What impressed me most about Nathan was the originality of his mind. His thinking wasn’t restricted to any ideology. When he co-founded the Black Scholar Journal, he encouraged it to be a journal of thought that allowed a wide range of Black scholarship that caused Blacks to think. When the Journal became captured by a dogmatic leftist line, Nathan had to leave. He wasn’t going to be a slave to anyone’s thoughts.
In 1984, Nathan Hare authored a very important book entitled, The Endangered Black Family. Dr. Hare had a Ph.D. in sociology from the University of Chicago, and he later acquired a second Ph.D. in psychology. This book on the Black family was a seminal work. He was the first scholar to observe that between 1968 and 1984 the Black family had undergone more erosion than between 1619 and 1984. He noted that for over one hundred years 75% of Black families had maintained a remarkable unity consisting of two-parent households. By 1984, this number had fallen to 50% two-parent households. Today, only 29% of Blacks live in two parent households. A significant part of my writings and the writings of my other scholars on the Black family have addressed this issue first raised by Dr. Nathan Hare.
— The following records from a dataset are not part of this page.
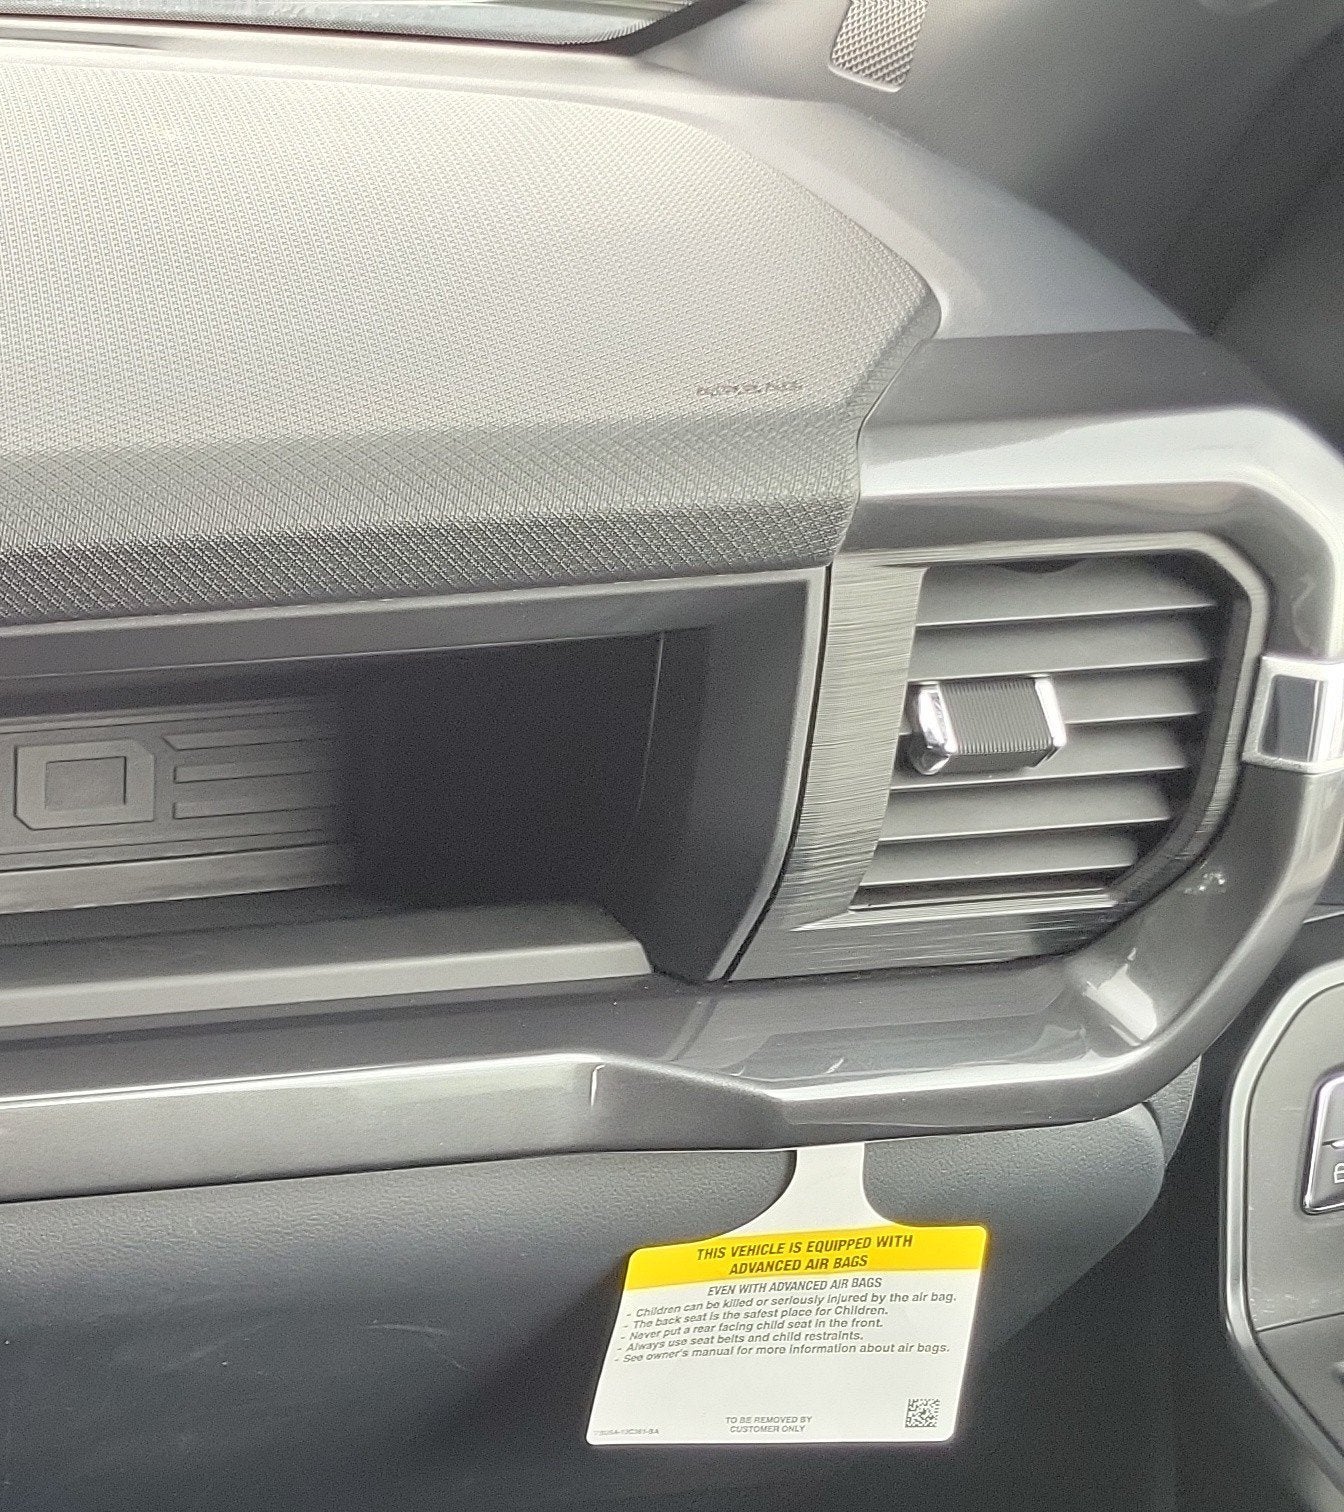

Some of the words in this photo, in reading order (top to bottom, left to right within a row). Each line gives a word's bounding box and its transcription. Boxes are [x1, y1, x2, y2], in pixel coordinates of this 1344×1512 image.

[698, 1247, 726, 1260] THIS
[731, 1243, 785, 1257] VEHICLE
[790, 1242, 802, 1253] IS
[806, 1238, 871, 1253] EQUIPPED
[876, 1235, 913, 1248] WITH
[729, 1259, 801, 1275] ADVANCED
[805, 1258, 828, 1270] AIR
[834, 1255, 868, 1268] BAGS
[708, 1286, 736, 1296] EVEN
[739, 1283, 767, 1294] WITH
[769, 1281, 827, 1292] ADVANCED
[830, 1279, 848, 1289] AIR
[852, 1277, 882, 1288] BAGS
[636, 1305, 681, 1318] Children
[684, 1302, 703, 1312] can
[707, 1300, 719, 1310] be
[723, 1297, 753, 1308] killed
[757, 1298, 768, 1306] or
[771, 1295, 824, 1306] seriously
[827, 1293, 867, 1304] injured
[871, 1293, 886, 1303] by
[889, 1293, 909, 1302] the
[912, 1292, 928, 1302] air
[931, 1292, 956, 1303] bag.
[633, 1320, 653, 1329] The
[655, 1316, 681, 1327] back
[684, 1313, 707, 1323] seat
[709, 1311, 719, 1320] is
[723, 1310, 740, 1319] the
[743, 1309, 779, 1320] safest
[781, 1308, 812, 1319] place
[815, 1307, 831, 1316] for
[835, 1306, 888, 1315] Children.
[630, 1331, 661, 1341] Never
[663, 1327, 681, 1338] put
[683, 1327, 690, 1335] a
[693, 1325, 716, 1334] rear
[719, 1322, 753, 1333] facing
[756, 1321, 784, 1330] child
[787, 1320, 813, 1329] seat
[815, 1319, 825, 1328] in
[829, 1319, 848, 1327] the
[852, 1318, 883, 1327] front.
[626, 1341, 665, 1351] Always
[668, 1339, 687, 1347] use
[690, 1336, 714, 1345] seat
[718, 1334, 744, 1344] belts
[748, 1333, 773, 1342] and
[774, 1332, 801, 1341] child
[805, 1331, 863, 1340] restraints.
[623, 1354, 643, 1363] See
[646, 1348, 688, 1361] owner's
[691, 1348, 733, 1357] manual
[737, 1346, 752, 1355] for
[756, 1346, 785, 1355] more
[789, 1344, 856, 1354] information
[860, 1343, 894, 1353] about
[898, 1343, 914, 1352] air
[917, 1343, 949, 1354] bags.
[730, 1425, 779, 1433] CUSTOMER
In 1984, I became Chair of the Black Studies Department at San Francisco State University where I had been teaching since 1972. Dr. Hare was fired by Dr. Hayakawa at the end of the SFSU strike. Subsequently, he was white balled from teaching in the U.S. university system. The first person I hired was Dr. Nathan Hare, The Father of Black Studies. The students and faculty of Black Studies were happy to have the master home. I then got the Black Studies tenured faculty to agree to support Dr. Hare for the tenure tract position in sociology. Dr. Lawford Goddard a sociologist and lecturer in Black Studies agreed to step aside as a candidate for this position in favor of Dr. Hare. My strategy for getting Dr. Hare approved for this position depended upon surprise and had a good chance of Nathan being recommended by the acting Provost Dr. Eric Solomon who had been a supporter of the strike for Black Studies. As Acting Provost, he wasn’t concerned about pleasing the President of SFSU Robert Corrigan. Unfortunately, the university was tipped off about this recommendation, destroying the chance for success.
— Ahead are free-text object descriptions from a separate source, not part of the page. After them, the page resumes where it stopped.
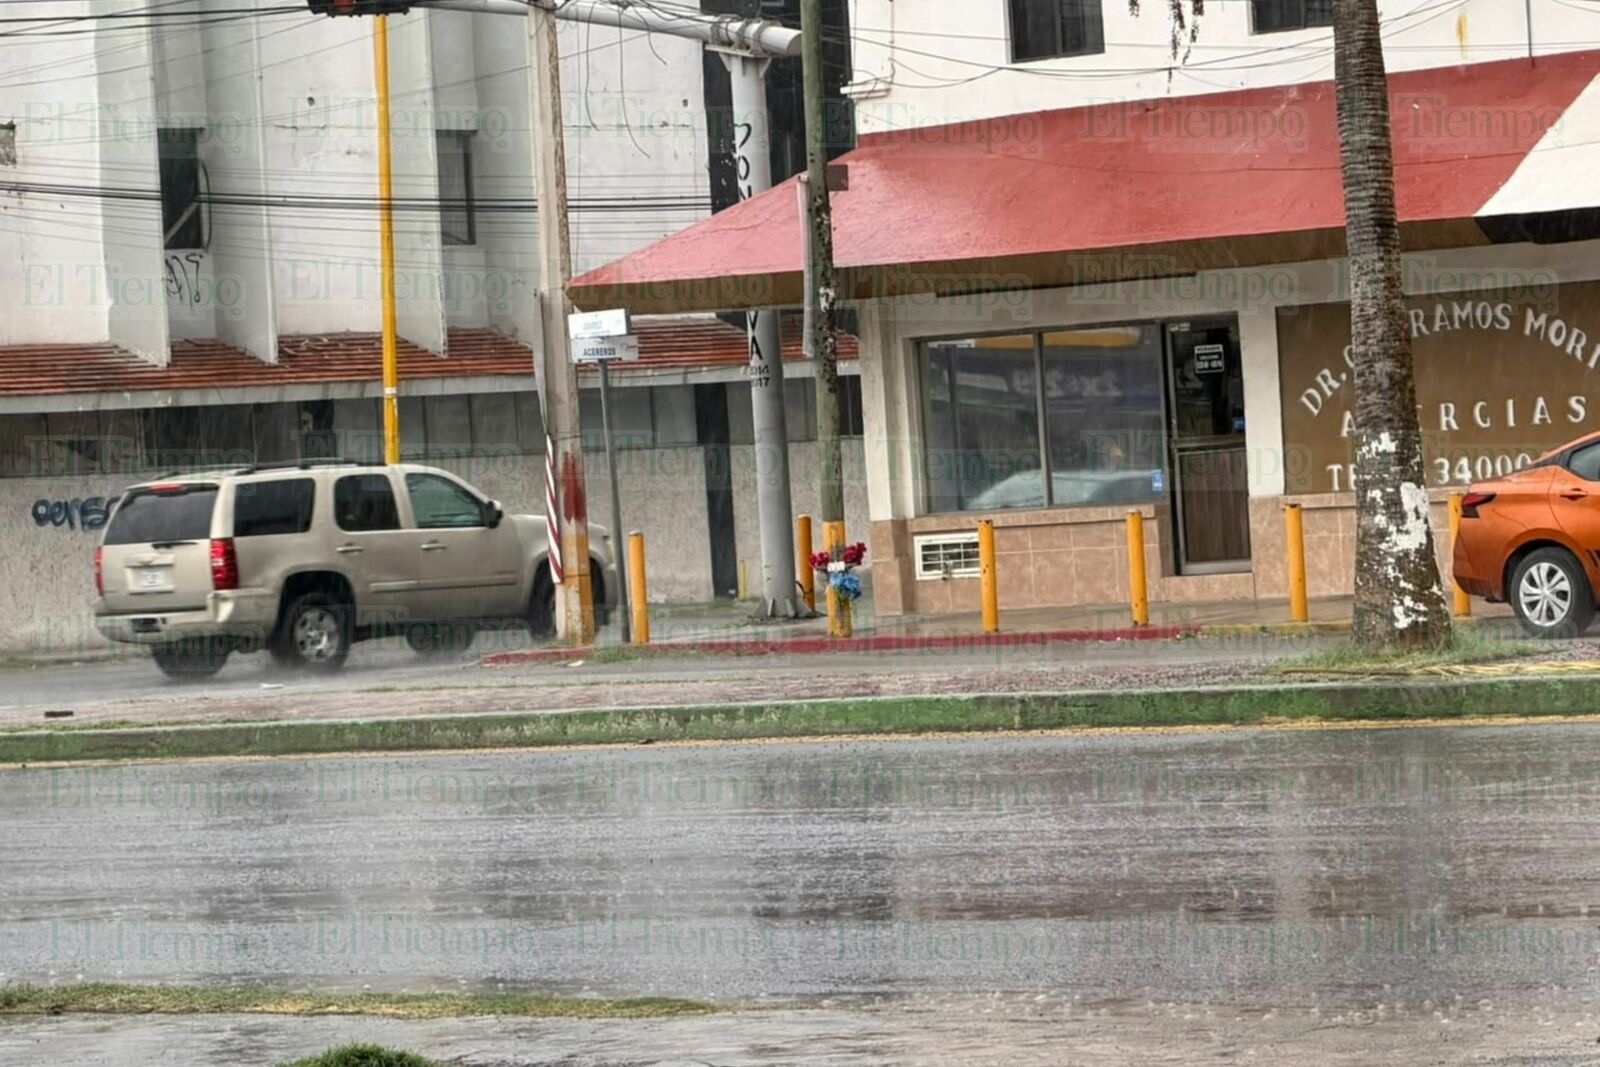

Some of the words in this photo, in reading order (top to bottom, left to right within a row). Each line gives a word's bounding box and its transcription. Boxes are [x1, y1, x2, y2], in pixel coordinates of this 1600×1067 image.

[1300, 367, 1347, 417] DR.
[1408, 301, 1513, 339] RAMOS
[1341, 395, 1587, 438] ARGIAS
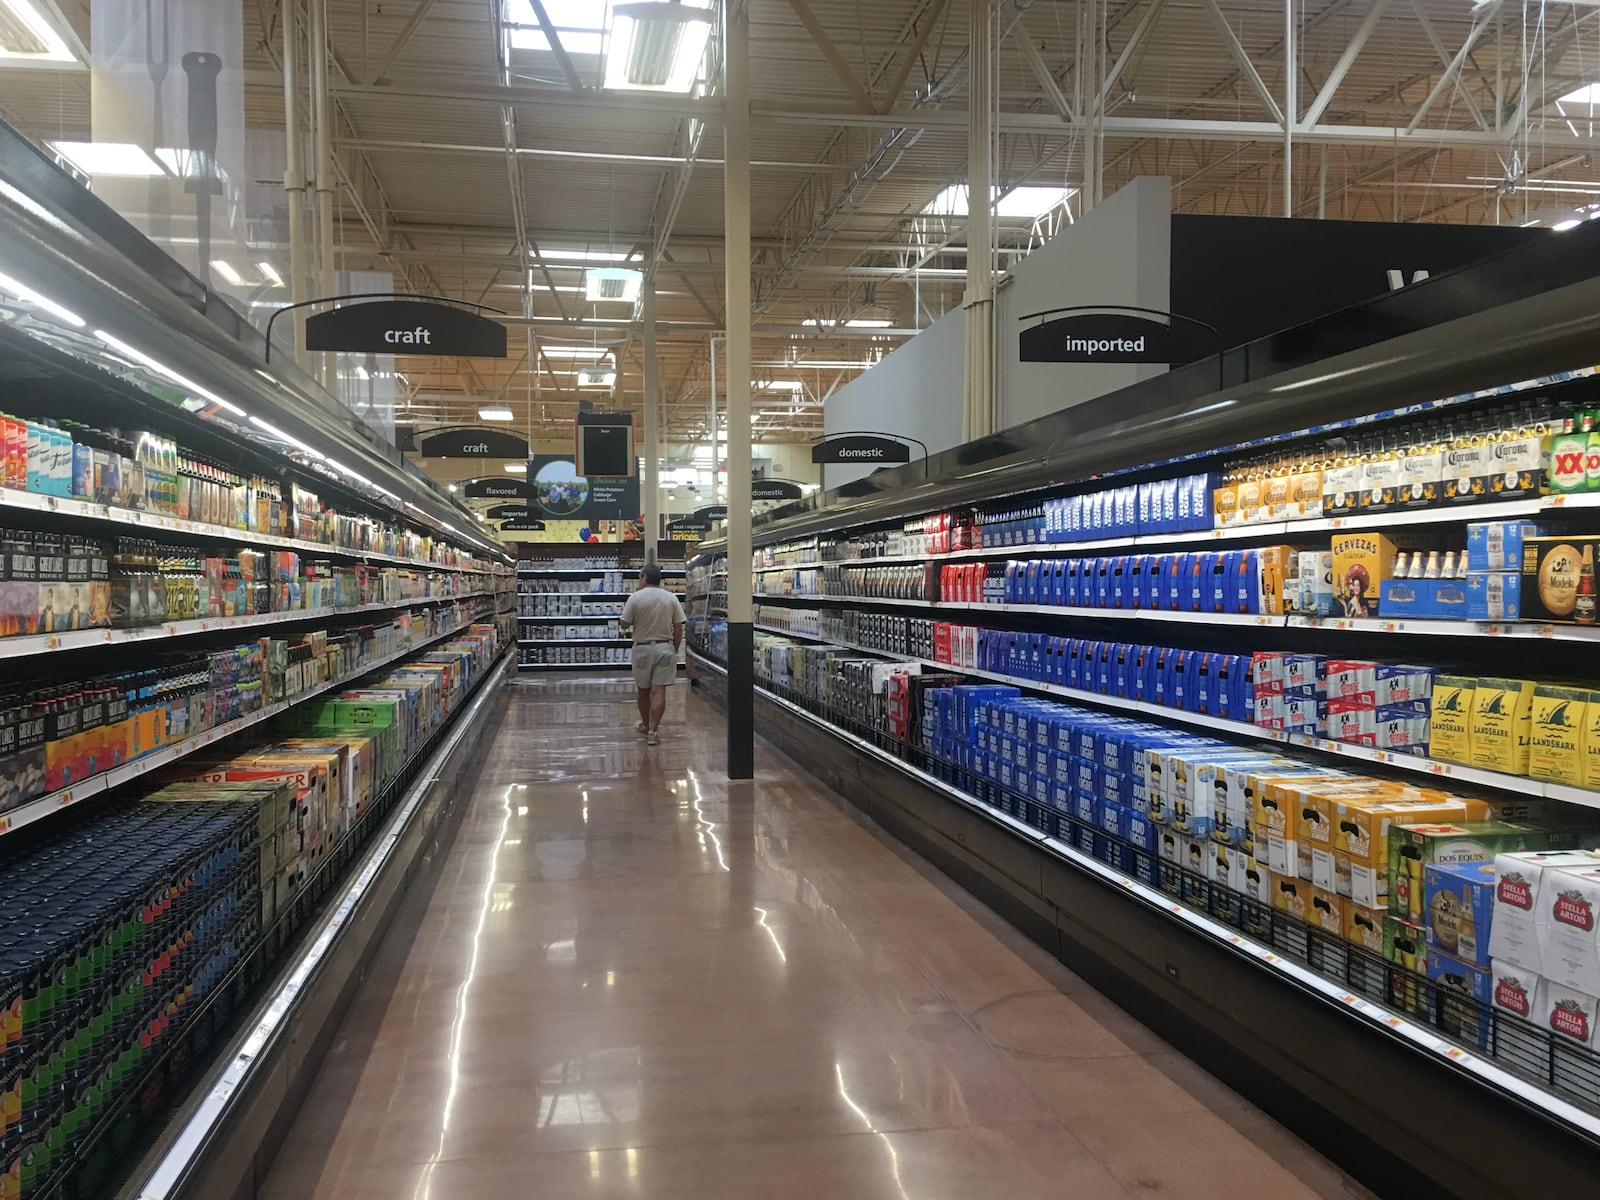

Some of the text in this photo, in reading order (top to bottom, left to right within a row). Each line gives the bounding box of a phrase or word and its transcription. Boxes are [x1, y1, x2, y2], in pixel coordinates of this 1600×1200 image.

[384, 326, 431, 345] craft
[1066, 335, 1145, 355] imported
[463, 443, 488, 453] craft
[838, 447, 884, 458] domestic
[1495, 444, 1527, 459] Corona
[1448, 450, 1480, 465] Corona
[1554, 452, 1584, 475] XX
[486, 487, 517, 496] flavored
[1334, 538, 1377, 555] CERVEZAS
[1550, 575, 1574, 589] Modelo
[1432, 722, 1465, 733] LANDSHARK
[1474, 726, 1509, 738] LANDSHARK
[1105, 742, 1117, 756] BUD
[1532, 737, 1575, 751] LANDSHARK
[1103, 755, 1118, 769] LIGHT
[1133, 750, 1145, 763] BU
[1131, 762, 1145, 778] LIGH
[1105, 774, 1117, 789] BUD
[1103, 786, 1119, 803] LIGHT
[1131, 795, 1145, 812] LIGH
[1105, 807, 1117, 822] BUD
[1103, 819, 1118, 834] LIGHT
[1131, 818, 1145, 835] BUD
[1129, 831, 1146, 848] LIGHT
[1439, 853, 1484, 863] DOS EQUIS
[1473, 885, 1481, 894] 12
[1503, 881, 1527, 897] STELLA
[1502, 890, 1527, 905] ARTOIS
[1560, 900, 1586, 917] STELLA
[1559, 909, 1586, 925] ARTOIS
[1474, 972, 1482, 981] 12
[1501, 986, 1523, 1002] STELLA
[1500, 995, 1523, 1010] ARTOIS
[1557, 1010, 1582, 1027] STELLA
[1556, 1019, 1582, 1036] ARTOIS
Nathan and I remained friends. He was supportive of my work. He volunteered to edit my first book, The Political Legacy of Malcolm X. When this book was reviewed by the New York Times, he was the first person who called me telling me that my book had been ranked first against all books on Malcolm X. In 2014 I received a call from Jamaica asking me to speak on Marcus Garvey’s birthday. Nathan recommended me to speak.
Nathan was my brother. I had his back and he had mine. For me, and for Black folks at large, he was a rare special human being who stood for the truth and didn’t compromise no matter the price. He has entered the heavenly station reserved for heroes. Enjoy the heavenly light of Freedom that you have earned my brother. On behalf of the faculty and students of Africana Studies, San Francisco State University. Hotep!
First Day of Strike.
Top right, Nathan Hare in the middle and little Sharon Jones (now AFRS Lecturer) to the left of him.